Great story from Arlene Burnett Pittsburgh Post-Gazette and recipe review from Ham: An Obsession with the Hindquarter by Bruce Weinstein and Marc Scarbrough. (We have their book on Goat, which is also a fun read and a great cookbook)
“A few weeks before Easter when I was about 12, my father declared, ‘I’m tired of ham and turkey. This Easter we’re going to have fresh ham.’
Fresh ham? We always had ham and I assumed it was fresh.
My dad went on to explain the process of curing a ham and the difference between that and fresh. I guess he thought I wasn’t getting it, so he summed it up by saying, fresh ham is just like a pork roast but better because it has a big bone and bones always make the meat taste better.”
Ingredients
8- to 10-pound bone-in fresh ham, preferably from the shank end, any rind removed
1 teaspoon sugar
1/2 teaspoon ground allspice
1/2 teaspoon ground cloves
1/2 teaspoon grated nutmeg
1/2 teaspoon salt
1/2 cup maple syrup
Put the ham in a large roasting pan, preferably one that’s shiny enough to reflect lots of ambient heat and not so flimsy that it tips when you pick it up. Set the oven rack as high as it can go and still afford the ham at least 2 inches of head space. Preheat the oven to 325 degrees.
Mix sugar, cinnamon, allspice, cloves, nutmeg and salt in a small bowl. Smooth the spice mixture all over the ham’s external surface. Work it down into some of the crevices but be careful to avoid any deep-tissue massage. A ham is a complex structure of muscle groups — too much massage and they can come apart like Goldie Hawn in “Death Becomes Her.”
Cover the whole kit and caboodle with aluminum foil, shove it in the oven, and leave it alone for 31/2 hours, while you go do whatever it is you do when a big, sweating hunk of meat is roasting in your oven.

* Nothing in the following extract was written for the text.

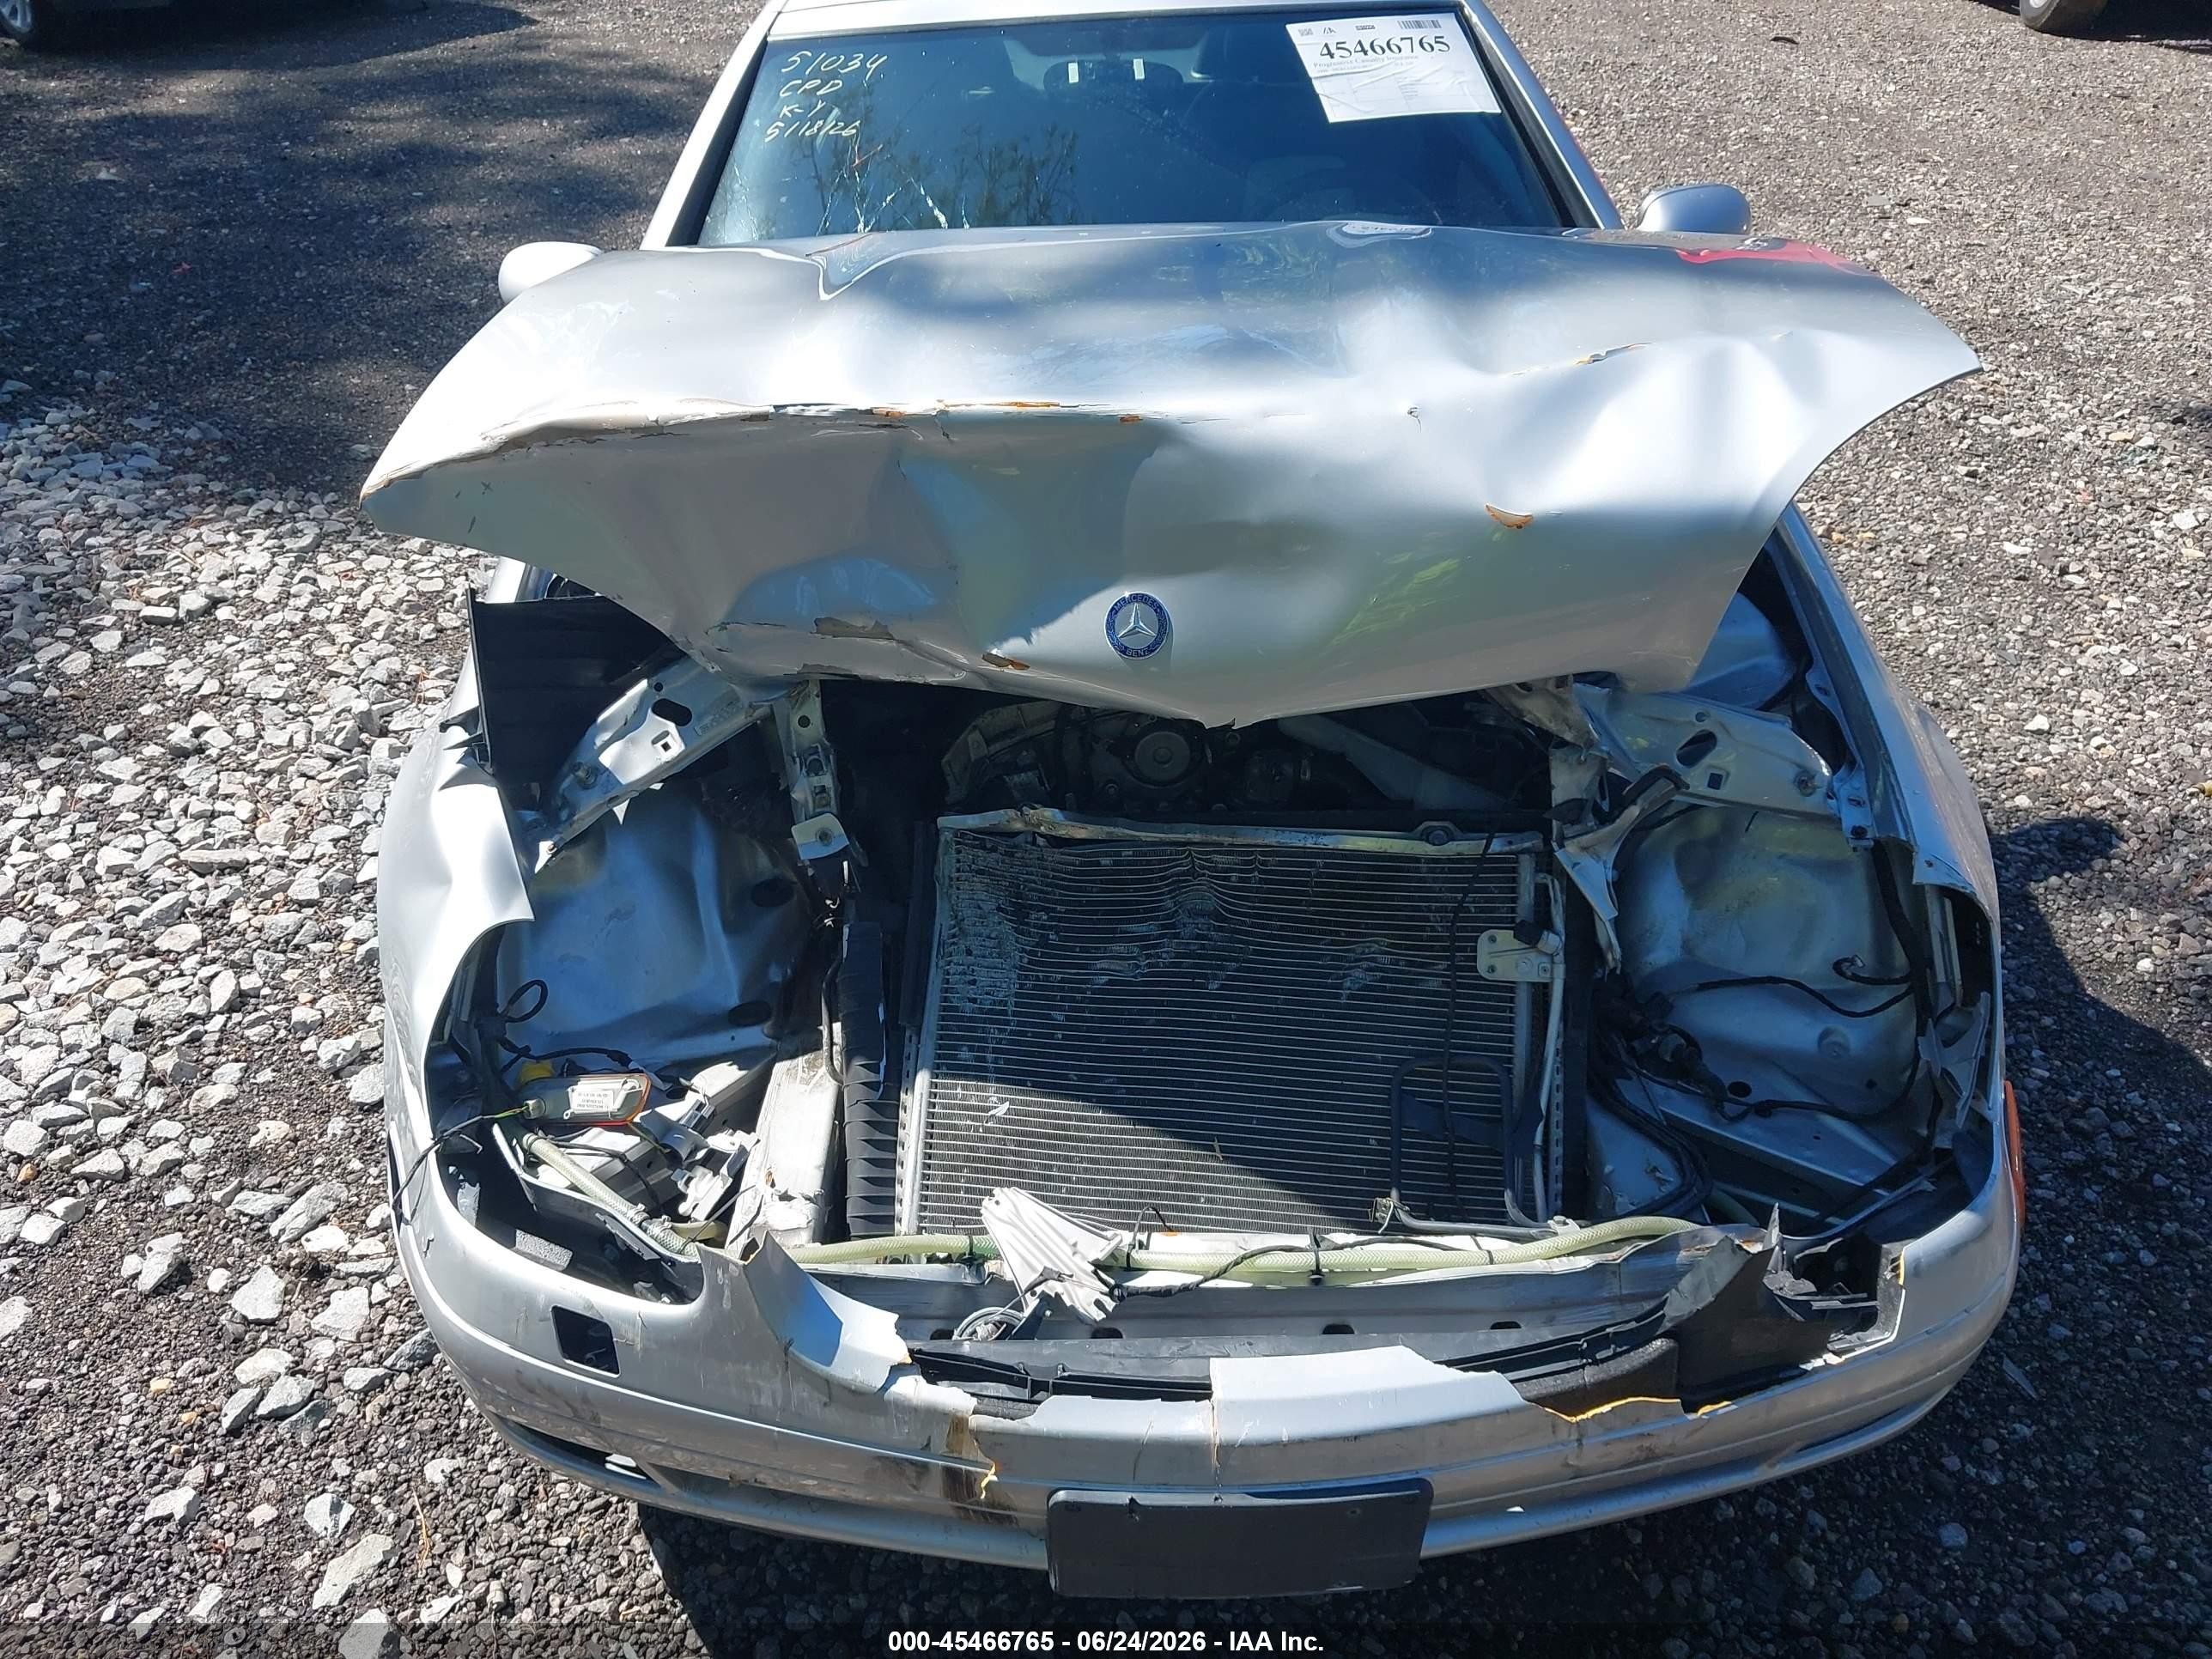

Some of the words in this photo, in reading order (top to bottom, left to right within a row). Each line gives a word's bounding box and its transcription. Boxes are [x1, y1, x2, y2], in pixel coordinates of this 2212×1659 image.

[1320, 35, 1451, 59] 45466765
[781, 50, 888, 82] 51034
[1114, 594, 1160, 611] MERCEDES
[1126, 647, 1151, 658] BENZ

Peel off the aluminum foil. Baste the ham with about half the maple syrup, preferably using a basting brush. Take it easy so you don’t knock off the spice coating. Use small strokes — think Impressionism, not Abstract Expressionism. Or just dribble the syrup off a spoon.
Continue roasting the ham, uncovered this time, basting every 15 minutes or so with more maple syrup as well as any pan drippings, until an instant-read meat thermometer inserted into the thickest park of the meat without touching bone registers 170 degrees, about 11/4 hours. If it starts to singe or turn too dark, tent it loosely with foil, uncovering it just at the last to get it back to crunchy crisp.
Transfer the ham to a cutting board and let it rest at room temperature for 15 minutes before carving. Serves about 12 or more.
Note from Arlene & Bruce:
I followed the authors’ advice and cooked my pork until it reached 170 degrees. Here’s the authors’ explanation: “We’ve found that ham, unlike pork chops, is still a bit tough at 160 degrees. The reason? By 160 degrees most of the natural juice has been squeezed out of the tightening planes of the meat fibers, but that juice hasn’t yet been replaced by collagen and connective tissue melt, both of which happen at just about 160 degrees. We find that 170 degrees is a better marker; the collagen has melted infusing those dry meat fibers again with juice, thereby yielding a more tender slice on the dinner plates.”